● **Exercise brief**
Give the lines below again, exactly as they stand, and leave out the images.

[Image-backed grounding data]
· · · ·
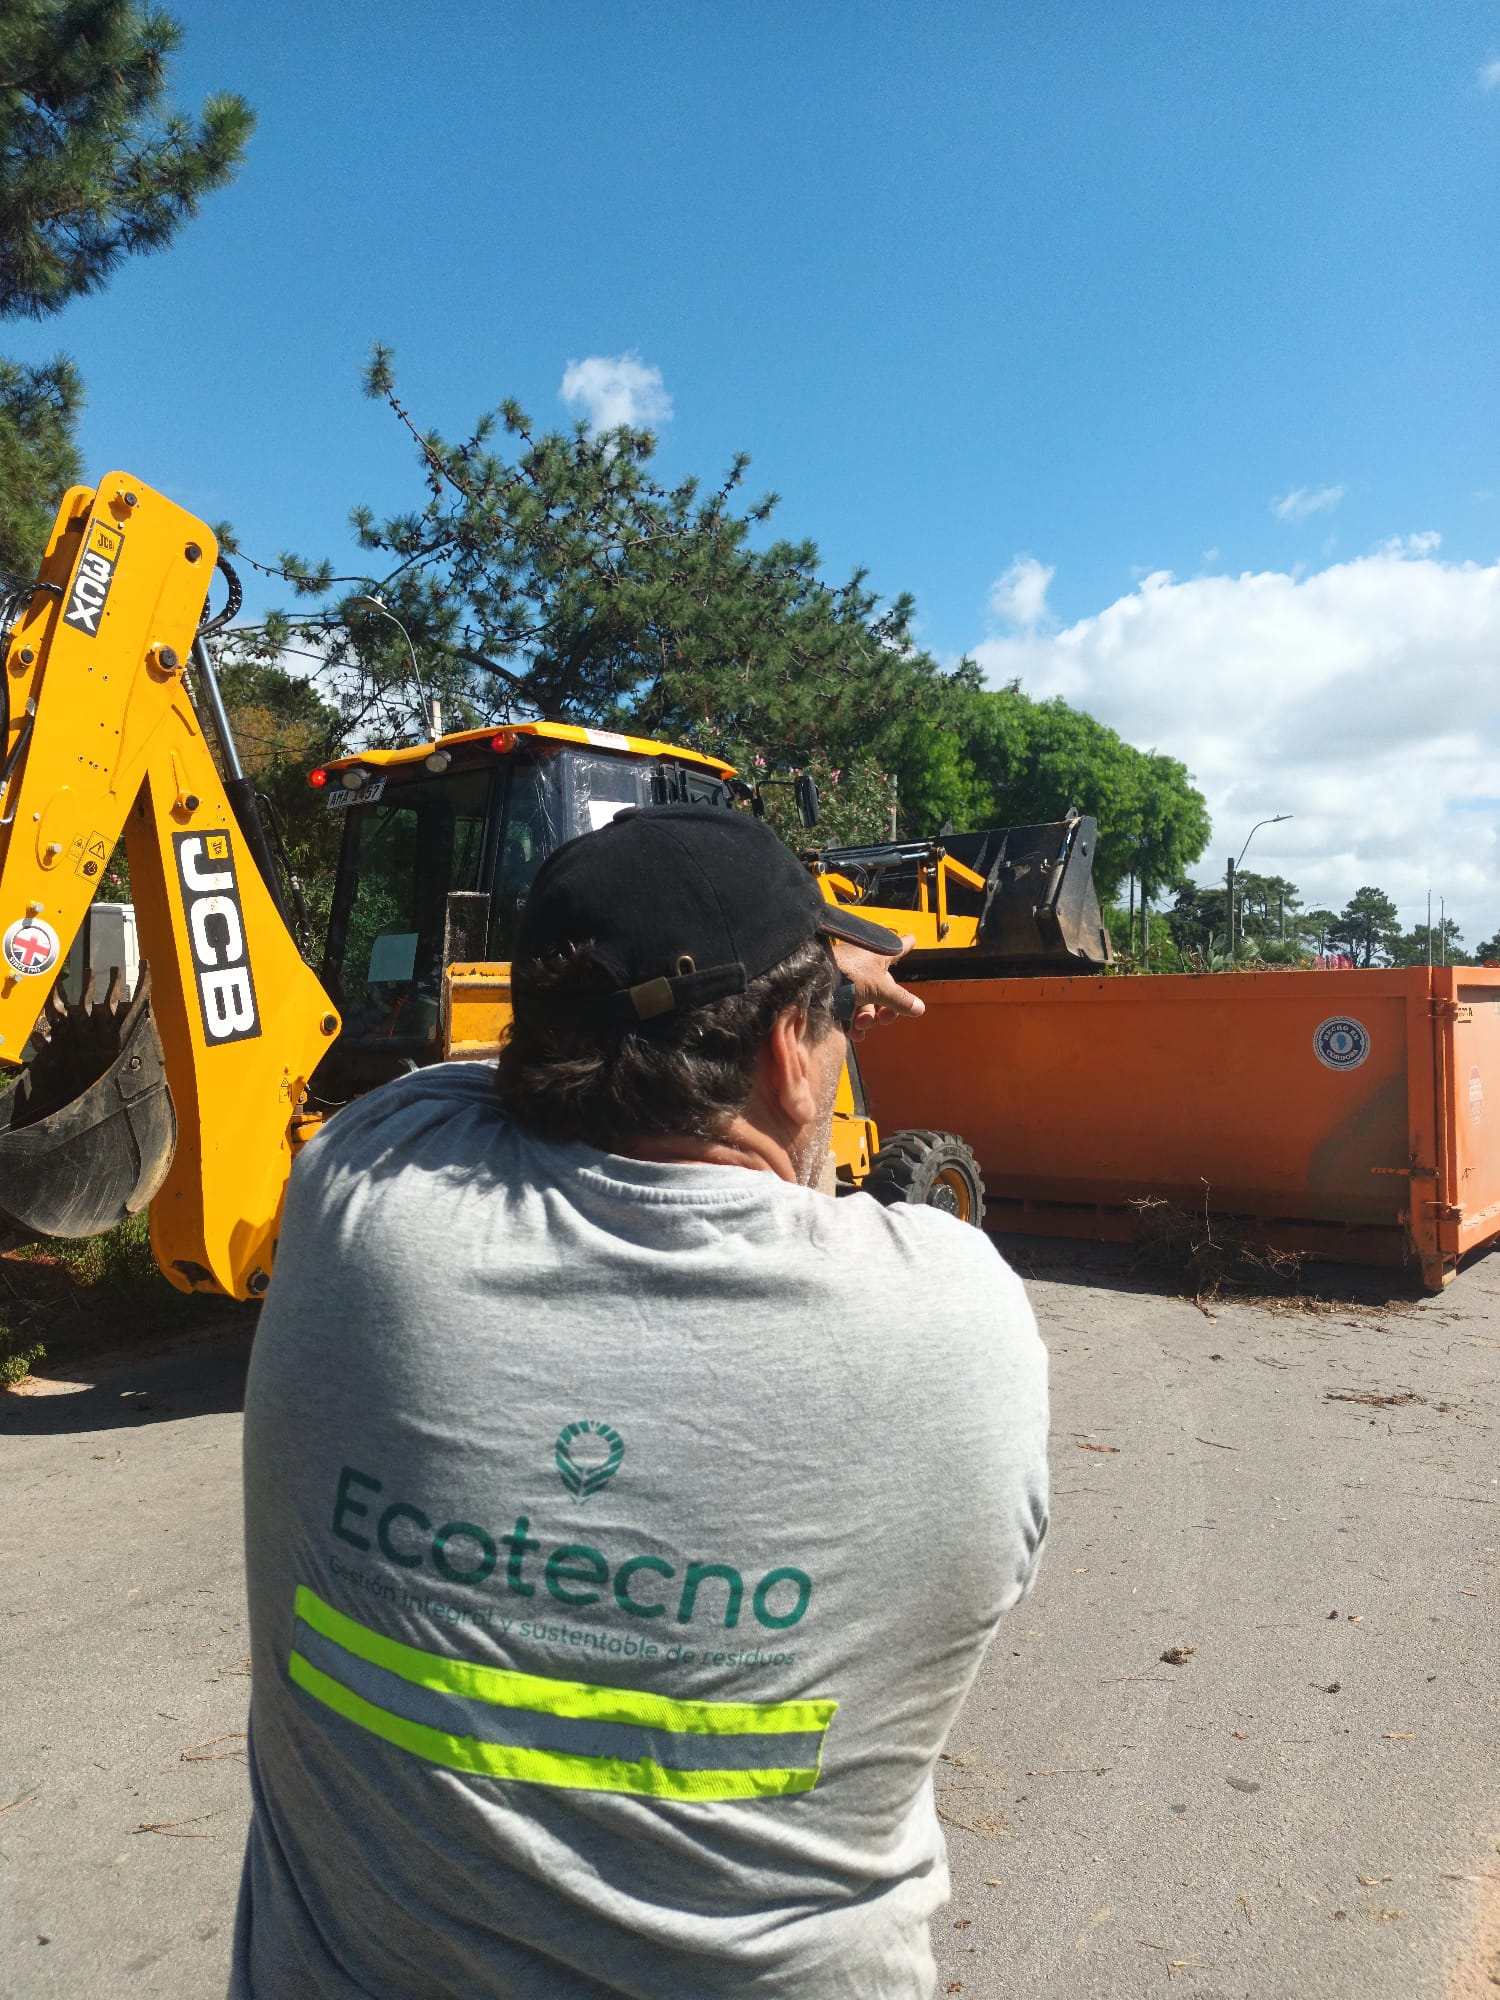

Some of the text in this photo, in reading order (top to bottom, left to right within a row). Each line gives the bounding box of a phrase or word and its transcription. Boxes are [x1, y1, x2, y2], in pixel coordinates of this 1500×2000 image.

[97, 533, 114, 551] JCB
[65, 552, 111, 632] 3CX
[180, 837, 255, 1038] JCB
[331, 1466, 812, 1630] Ecotecno
[501, 1619, 514, 1634] y
[519, 1621, 659, 1659] sustentable
[666, 1644, 695, 1665] de
[701, 1648, 796, 1667] residuos
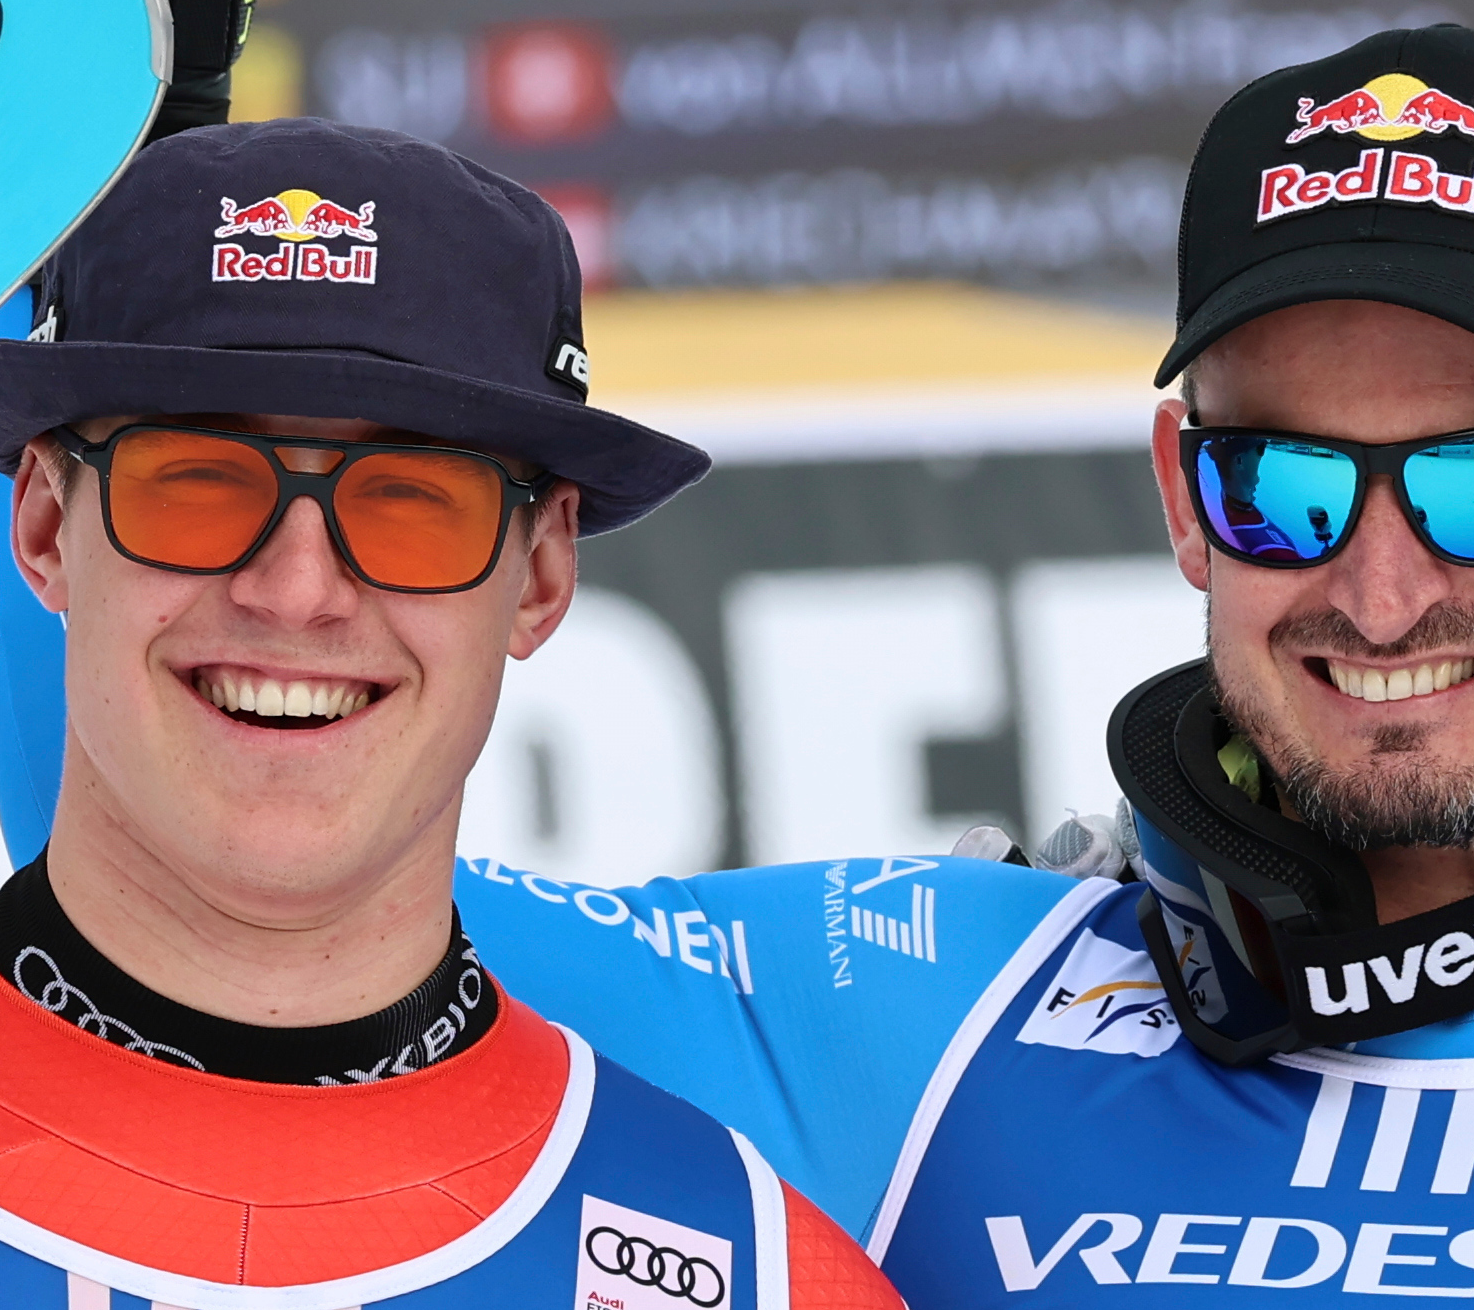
· · · ·
● **Output of the task**
Some of the text in this photo, in reading order (top to bottom, left to right within a row). Each line gives the bounding box of a phrase or word and its transcription. Boxes are [x1, y1, x2, y2], in pixel coordinates of this 1500×2000 image.

[97, 533, 114, 551] JCB
[65, 552, 111, 632] 3CX
[180, 837, 255, 1038] JCB
[331, 1466, 812, 1630] Ecotecno
[501, 1619, 514, 1634] y
[519, 1621, 659, 1659] sustentable
[666, 1644, 695, 1665] de
[701, 1648, 796, 1667] residuos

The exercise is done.